I’ve written about this before: the many names trans women in TN were called, and how those sharp blades cut deep, and why I, in fear of those very labels, held back from truly understanding my gender. In that moment, Kanchana became less of a film for me, and more a political statement. It moved me. And I suspect, a lot more people.

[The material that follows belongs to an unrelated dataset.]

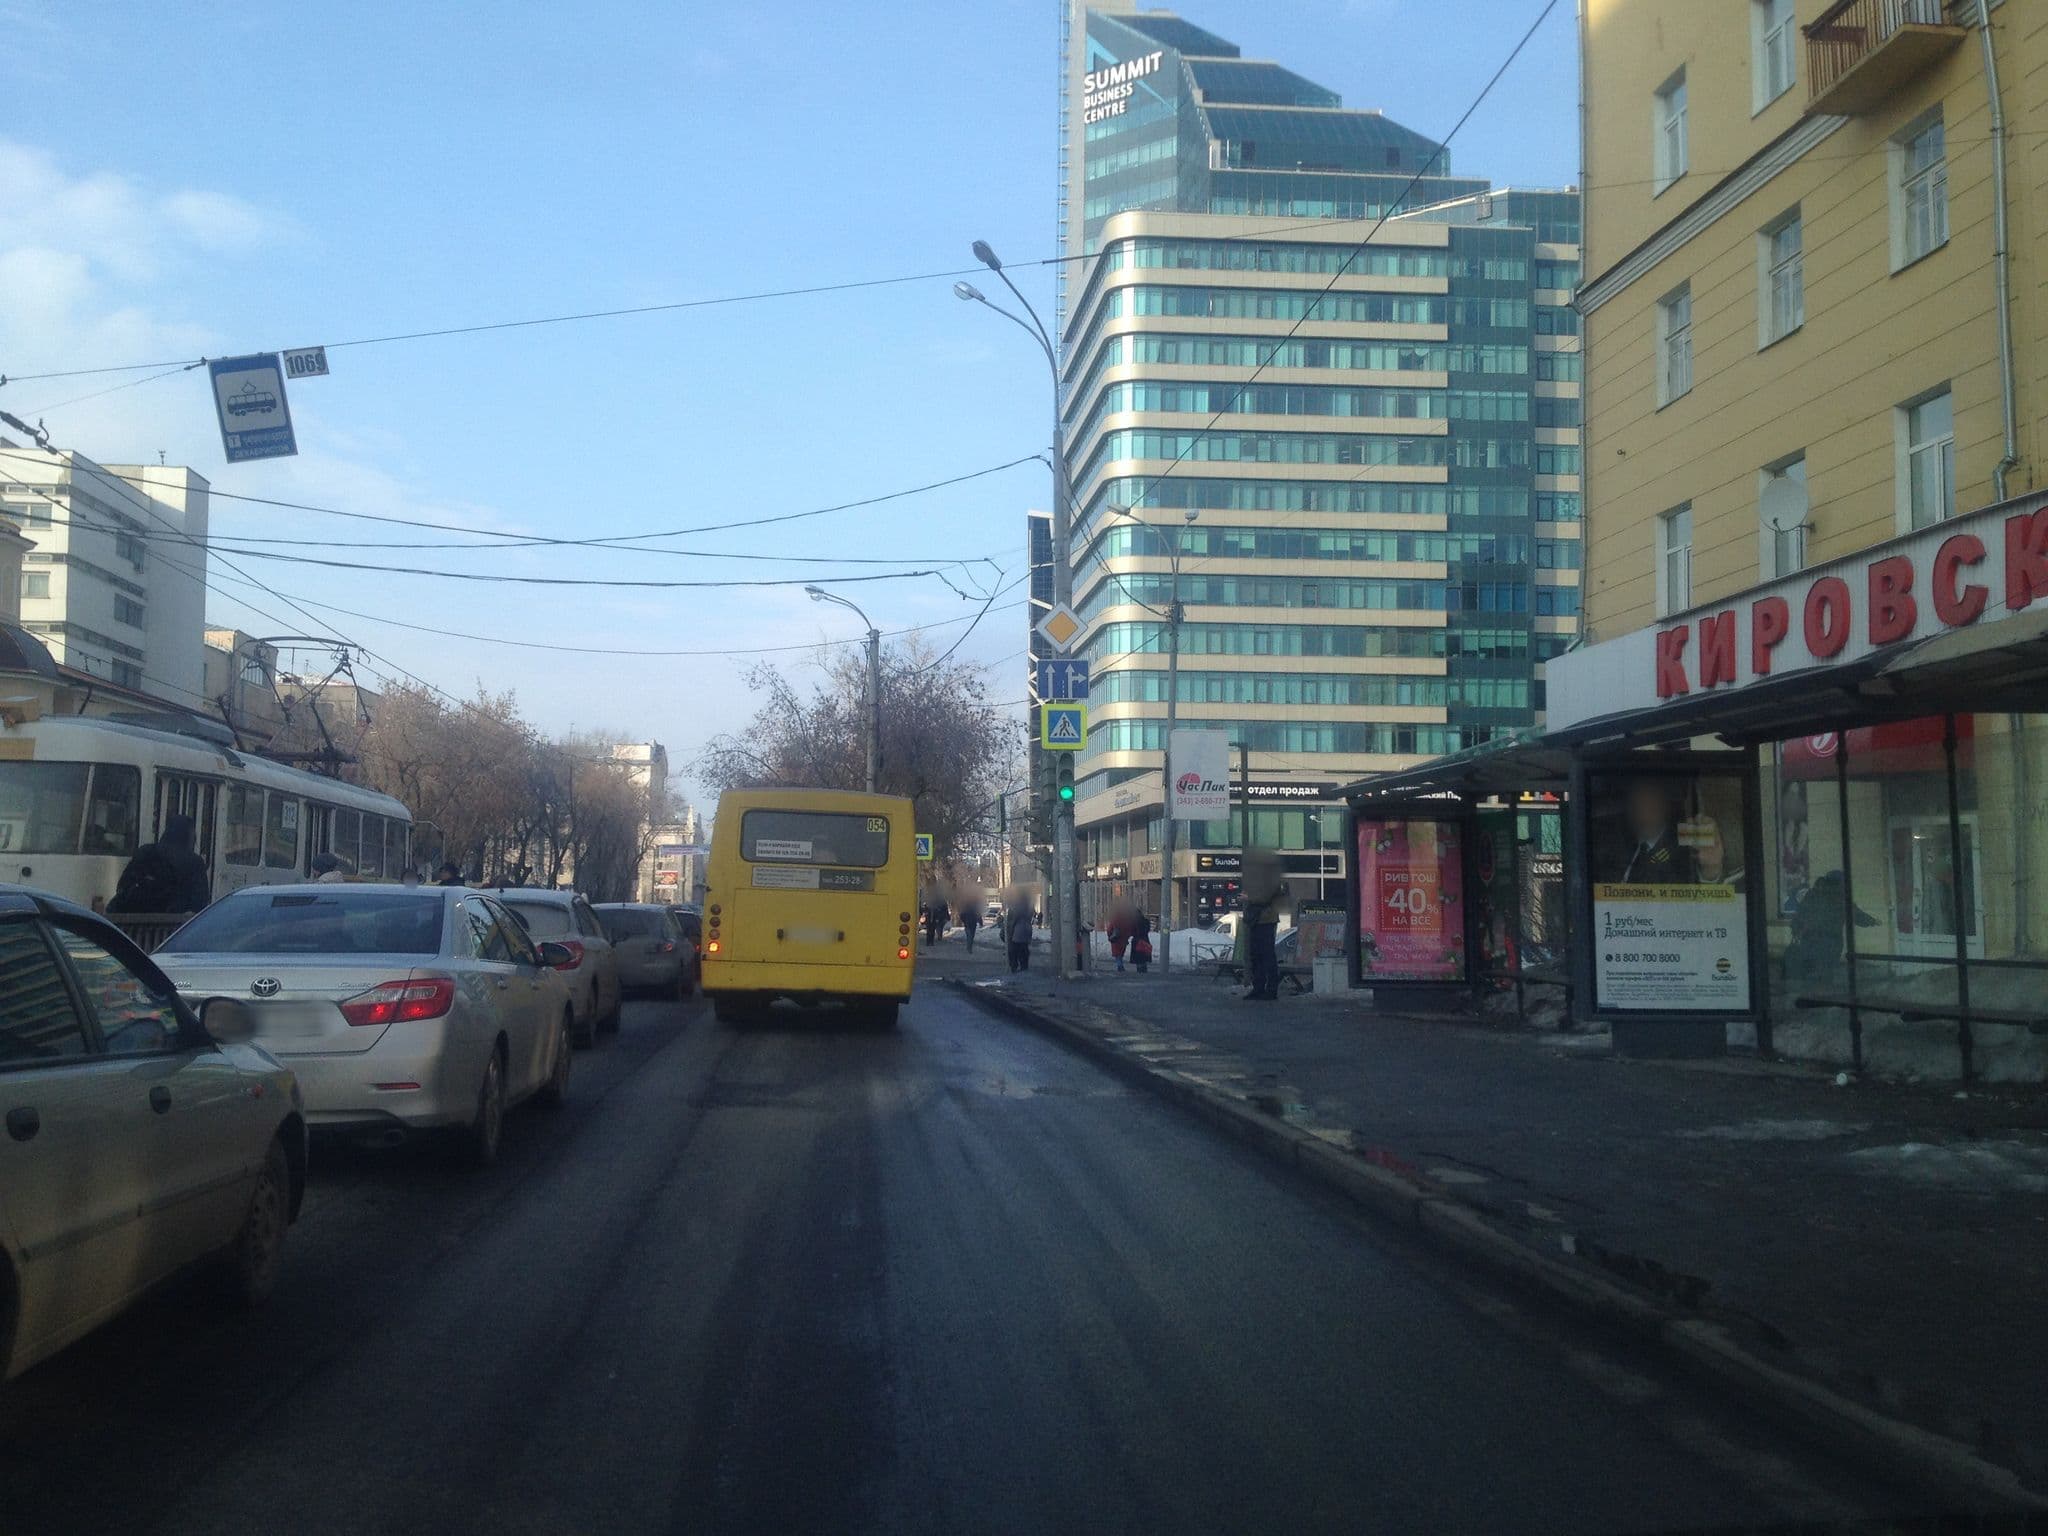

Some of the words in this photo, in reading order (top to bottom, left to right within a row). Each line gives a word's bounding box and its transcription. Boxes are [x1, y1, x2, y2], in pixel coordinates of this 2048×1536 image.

Further, I believe (and know to be largely true) it validated life choices many trans women and trans persons in TN made. It showed that for trans women in Tamil Nadu, education could mean the difference between performing “traditional” (begging, sex work) work and being a larger part of mainstream society. Among many transgender communities in India, Tamil trans women are employed in higher numbers in what’s considered non traditional work. And so, it felt right for Geetha, Kanchana’s daughter, to aspire to be a doctor. There are success stories and there are Living examples of trans women inspirations.

In the Laxmii version of this scene, there was something missing. For one, the young woman - Geetha again - has fewer lines to speak, and further we don’t see her personal ambitions or growth. She goes on straight to being a political activist. She’s apparently in a party (did I see the logo right, was that almost a Congress party symbol?) The Laxmi of Laxmii (is this a nod to Laxmi Narayan Tripathi?) says more or less the same things that Kanchana said. When Laxmi called out society for calling her names, I cried, I admit. It moved me.

Afterwards, I asked myself, why didn’t I also feel better afterwards. Why didn’t I feel like things could improve? It can’t only be the language can it? I went back to that scene, this time with the subtitles on. Perhaps I missed a nuance in the language? The English subtitles rendered Kinnar as “transgender”. Not transgender persons or transgender women. But that ugly, empty, personhood-less term transgender. That to me seemed like everything that was the remake. You take something with a bit of soul, and in the process of remaking it, strip it of that very soul. Of that which made it personal.

And it was not just this scene. When Raghava of the Kanchana film goes over what has happened to Kanchana, he wrestles with the right and the wrong. The good and the bad. The personal and the larger social. Here was a man who, from the beginning we see as afraid, sets aside his personal fears and dislikes to serve justice. To right a wrong. In Laxmii, that conflict, that interiority of the character is never shown or told about. We go from exorcism to the return of the ghosts in almost no time and then bang, climax.

Where is the ghost denier? Where is the rational person who does not believe in god and devil? What are you losing to gain justice? What are we, in this remake, gaining to justify the loss of the nuance? Where is the punch?

Disclaimer: This review was not paid for or commissioned by anyone associated with the series/film. TNM Editorial is independent of any business relationship the organisation may have with producers or any other members of its cast or crew.